**Directions for this task:**
Please reproduce the entries exactly as they appear below, but not the pictures.

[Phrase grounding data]
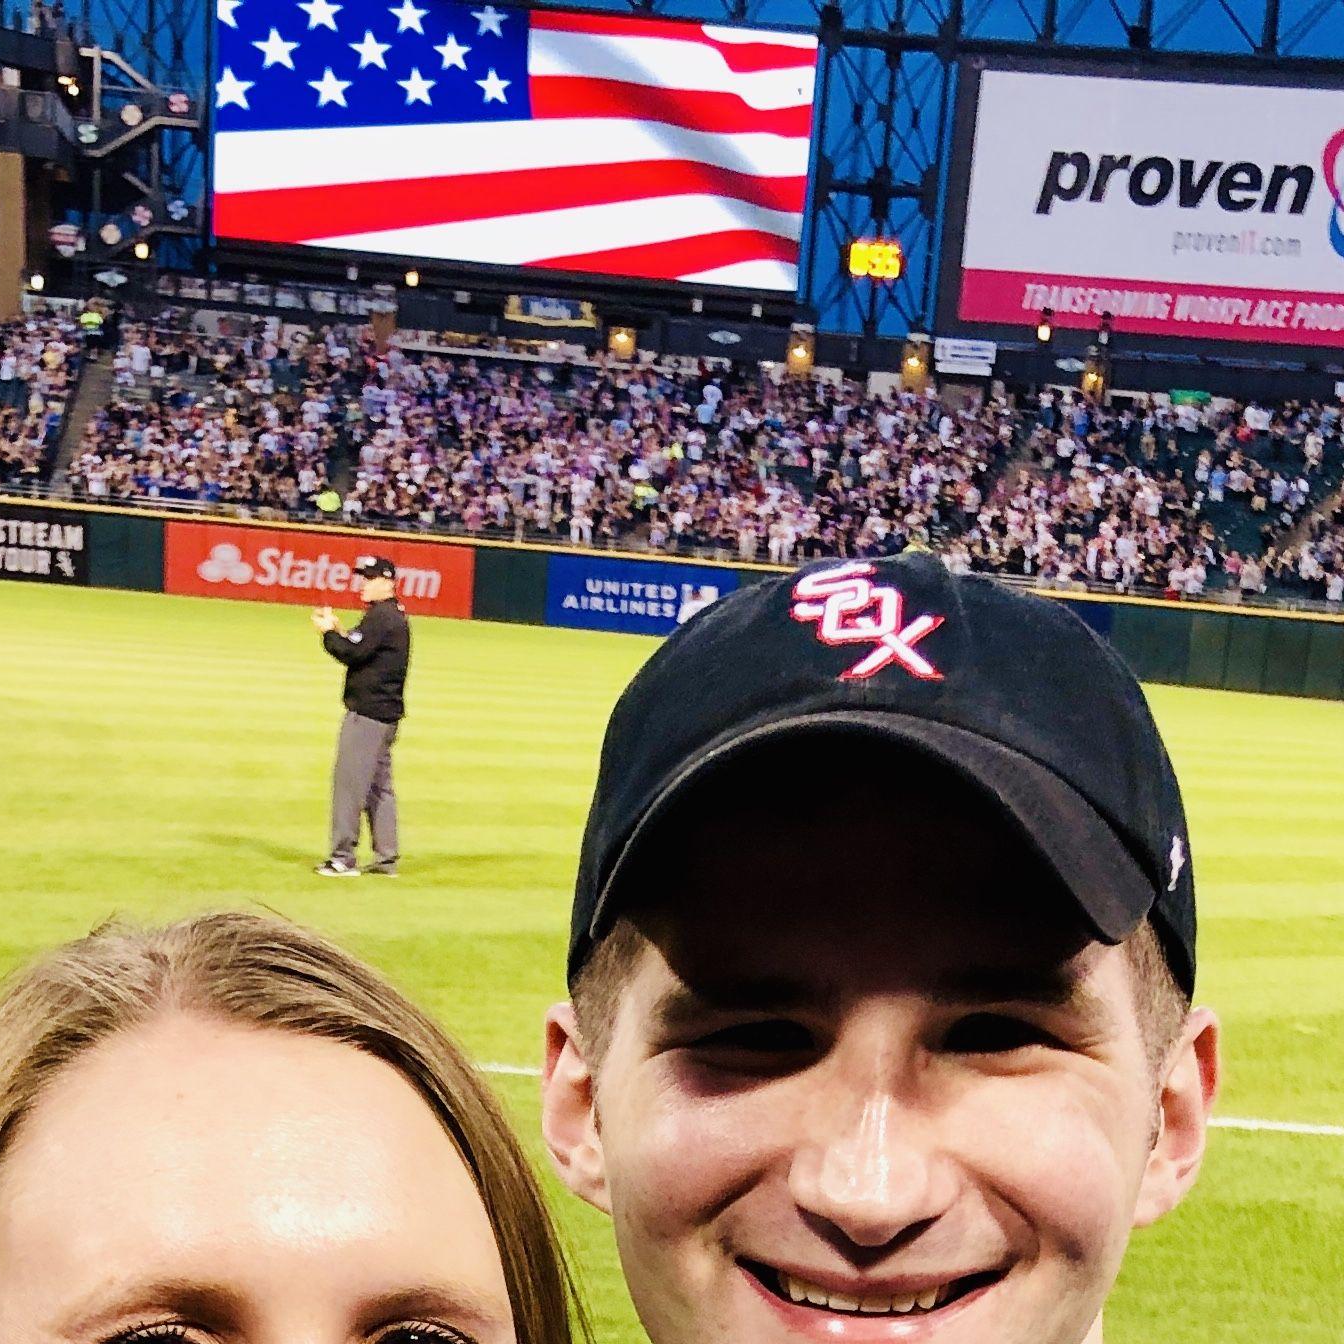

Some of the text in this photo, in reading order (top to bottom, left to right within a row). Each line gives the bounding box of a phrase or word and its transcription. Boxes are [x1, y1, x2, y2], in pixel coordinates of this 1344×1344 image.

[1035, 149, 1315, 215] proven
[1022, 283, 1172, 320] TRANSFORMING
[1173, 294, 1291, 329] WORKPLACE
[256, 548, 351, 591] State
[585, 578, 678, 600] UNITED
[561, 594, 677, 618] AIRLINES
[790, 562, 945, 681] SOX
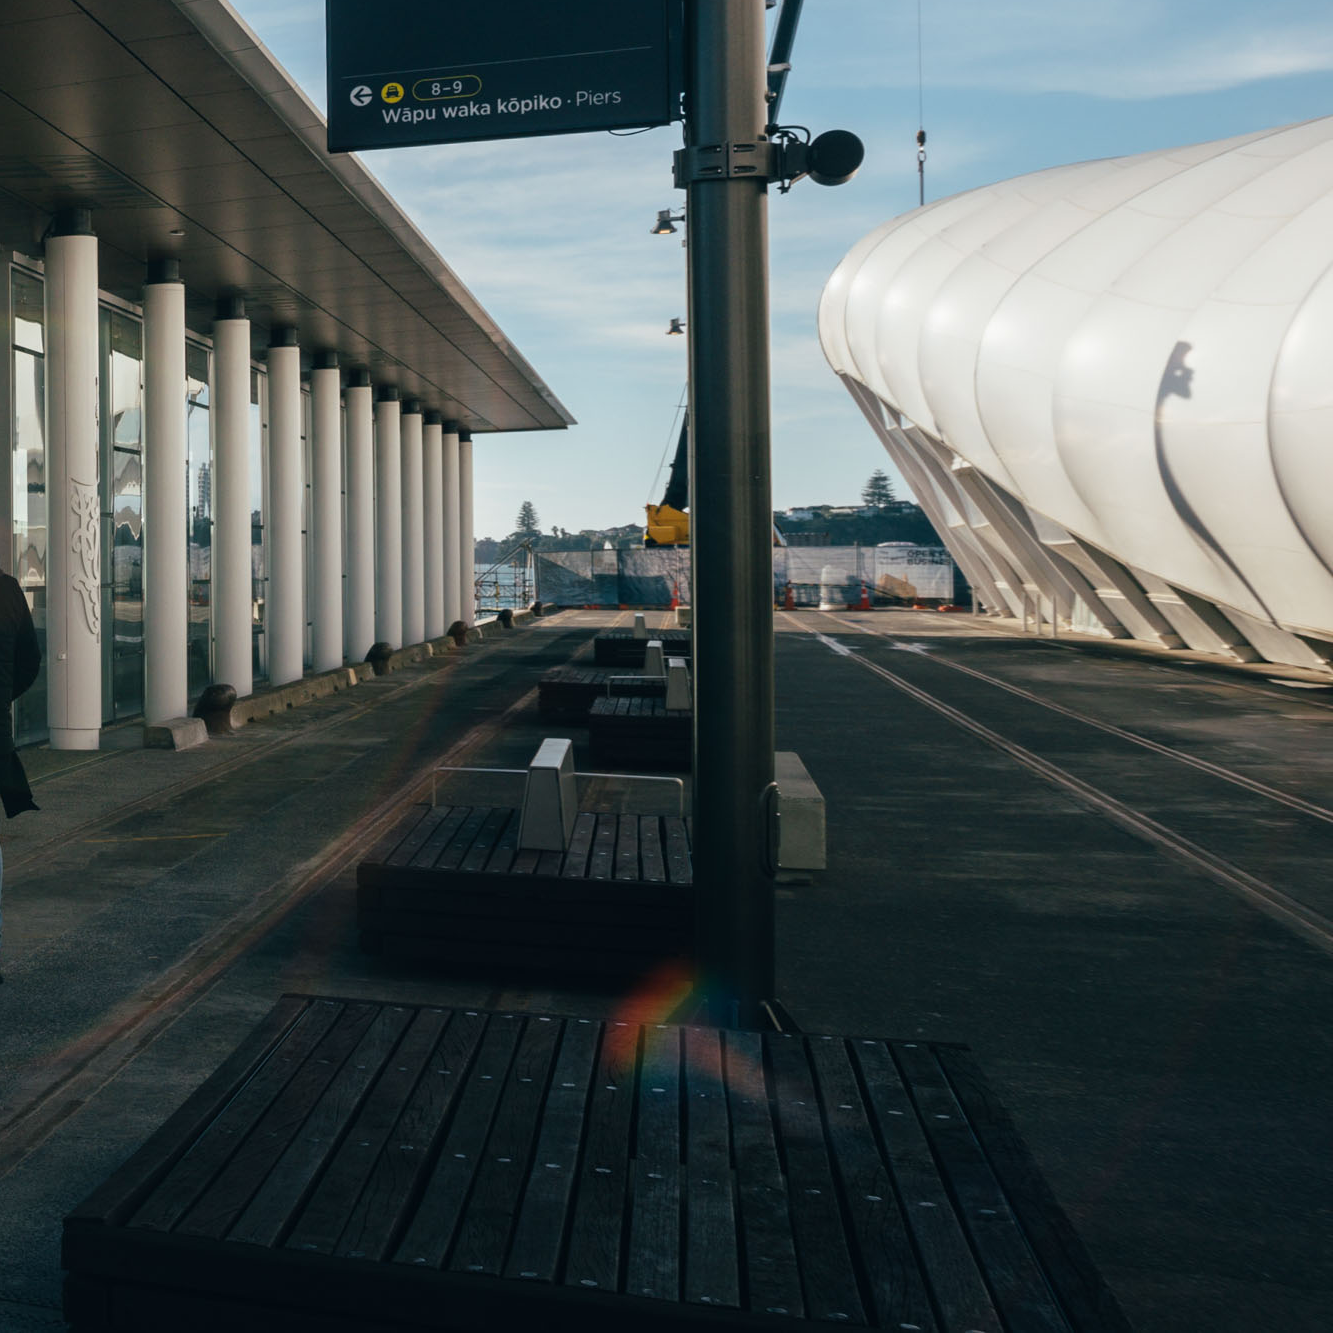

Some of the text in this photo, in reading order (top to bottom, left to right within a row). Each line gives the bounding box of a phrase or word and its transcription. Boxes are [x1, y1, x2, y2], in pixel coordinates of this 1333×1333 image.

[382, 90, 621, 124] Wāpu waka kōpiko Piers
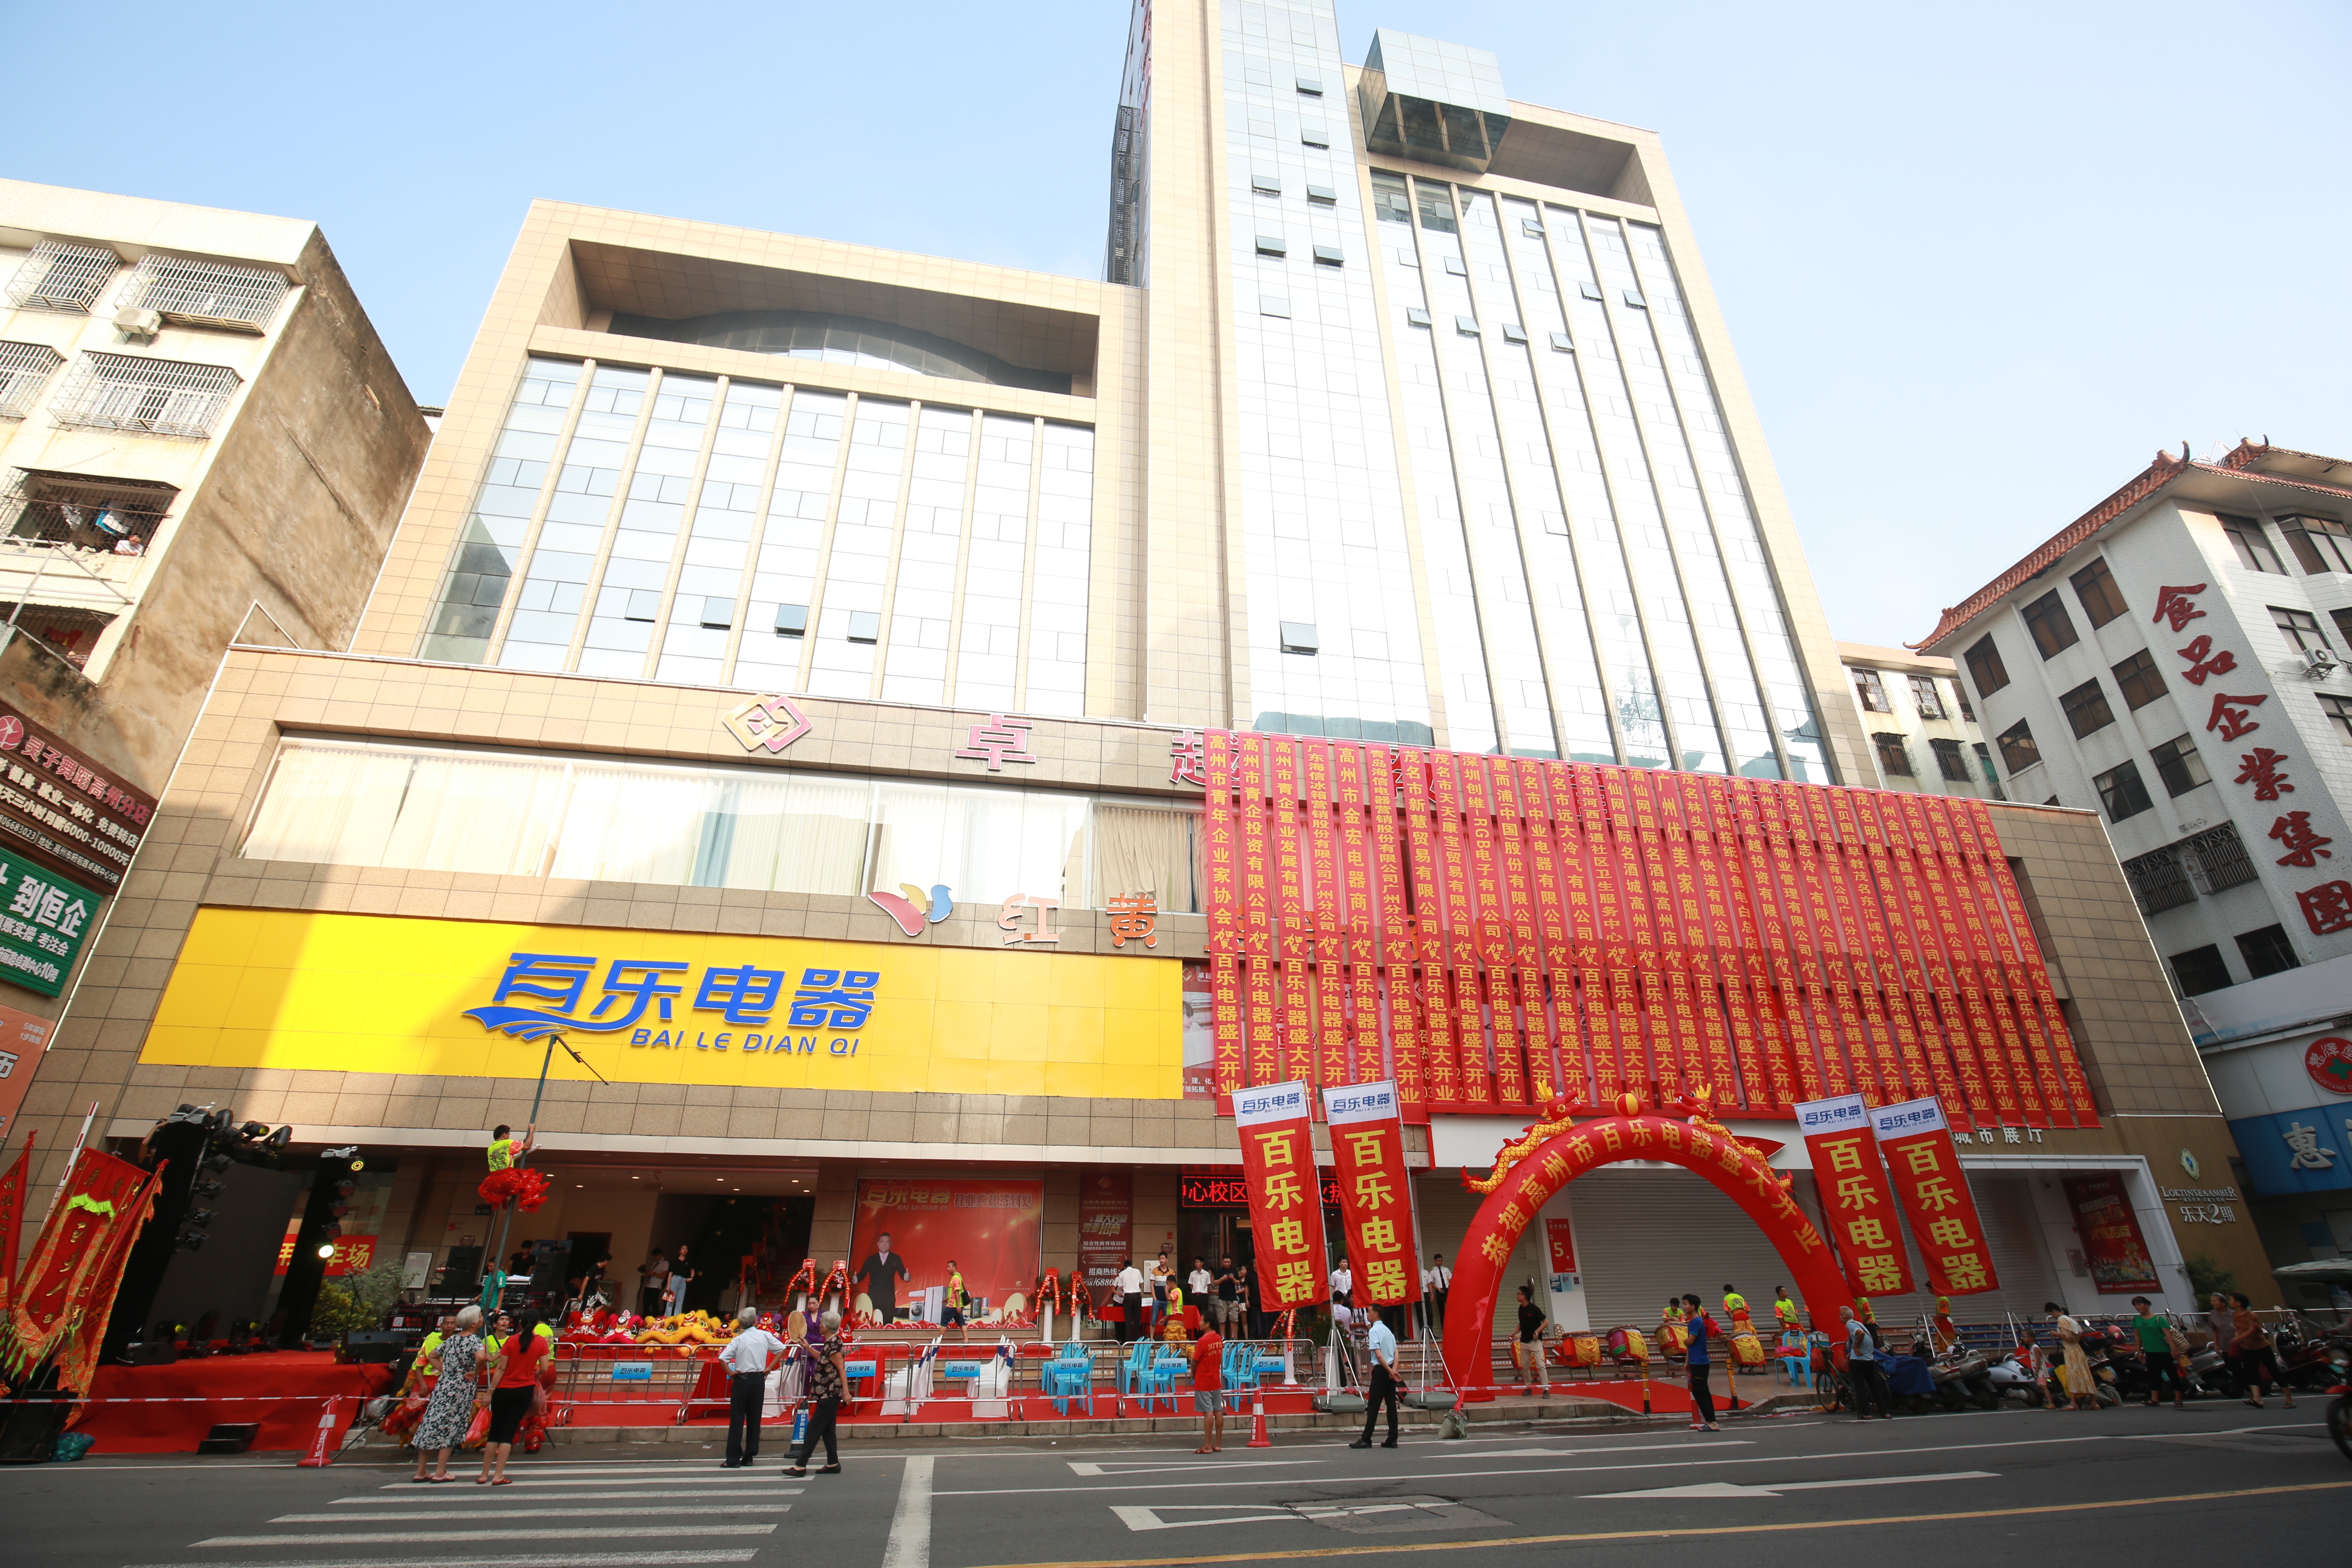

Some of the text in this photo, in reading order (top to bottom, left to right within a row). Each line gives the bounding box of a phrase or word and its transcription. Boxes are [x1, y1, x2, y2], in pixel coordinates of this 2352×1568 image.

[21, 735, 151, 825] 灵子舞蹈高州分店
[8, 765, 36, 790] 健身
[96, 818, 140, 849] 免费转店
[9, 875, 87, 938] 到恒企
[37, 932, 69, 957] 考注会
[461, 952, 880, 1031] 百乐电器
[23, 1022, 46, 1036] 5年耕耘
[630, 1027, 860, 1056] BAI LE DIAN QI
[1242, 1092, 1300, 1110] 百乐电器
[1333, 1093, 1390, 1111] 百乐电器
[1805, 1105, 1861, 1123] 百乐电器
[1879, 1107, 1936, 1127] 百乐电器
[866, 1185, 952, 1205] 百乐电器
[953, 1193, 1033, 1209] 开业典礼签到处
[1481, 1118, 1821, 1268] 恭贺高州市百乐电器盛大开业
[1254, 1129, 1315, 1303] 百乐电器
[1344, 1129, 1407, 1301] 百乐电器
[1820, 1137, 1902, 1292] 百乐电器
[1897, 1140, 1987, 1290] 百乐电器
[2180, 1203, 2236, 1224] 乐天2期
[1554, 1242, 1564, 1257] 5

**Completed exercise:**
Some of the text in this photo, in reading order (top to bottom, left to right within a row). Each line gives the bounding box of a phrase or word and its transcription. Boxes are [x1, y1, x2, y2], in pixel coordinates of this 1344×1344 image.

[1035, 149, 1315, 215] proven
[1022, 283, 1172, 320] TRANSFORMING
[1173, 294, 1291, 329] WORKPLACE
[256, 548, 351, 591] State
[585, 578, 678, 600] UNITED
[561, 594, 677, 618] AIRLINES
[790, 562, 945, 681] SOX

Some of the text in this photo, in reading order (top to bottom, left to right within a row). Each line gives the bounding box of a phrase or word and its transcription. Boxes are [x1, y1, x2, y2], in pixel coordinates of this 1333×1333 image.

[382, 90, 621, 124] Wāpu waka kōpiko Piers

Some of the text in this photo, in reading order (top to bottom, left to right within a row). Each line gives the bounding box of a phrase or word and its transcription. Boxes are [x1, y1, x2, y2], in pixel coordinates of this 2352×1568 image.

[21, 735, 151, 825] 灵子舞蹈高州分店
[8, 765, 36, 790] 健身
[96, 818, 140, 849] 免费转店
[9, 875, 87, 938] 到恒企
[37, 932, 69, 957] 考注会
[461, 952, 880, 1031] 百乐电器
[23, 1022, 46, 1036] 5年耕耘
[630, 1027, 860, 1056] BAI LE DIAN QI
[1242, 1092, 1300, 1110] 百乐电器
[1333, 1093, 1390, 1111] 百乐电器
[1805, 1105, 1861, 1123] 百乐电器
[1879, 1107, 1936, 1127] 百乐电器
[866, 1185, 952, 1205] 百乐电器
[953, 1193, 1033, 1209] 开业典礼签到处
[1481, 1118, 1821, 1268] 恭贺高州市百乐电器盛大开业
[1254, 1129, 1315, 1303] 百乐电器
[1344, 1129, 1407, 1301] 百乐电器
[1820, 1137, 1902, 1292] 百乐电器
[1897, 1140, 1987, 1290] 百乐电器
[2180, 1203, 2236, 1224] 乐天2期
[1554, 1242, 1564, 1257] 5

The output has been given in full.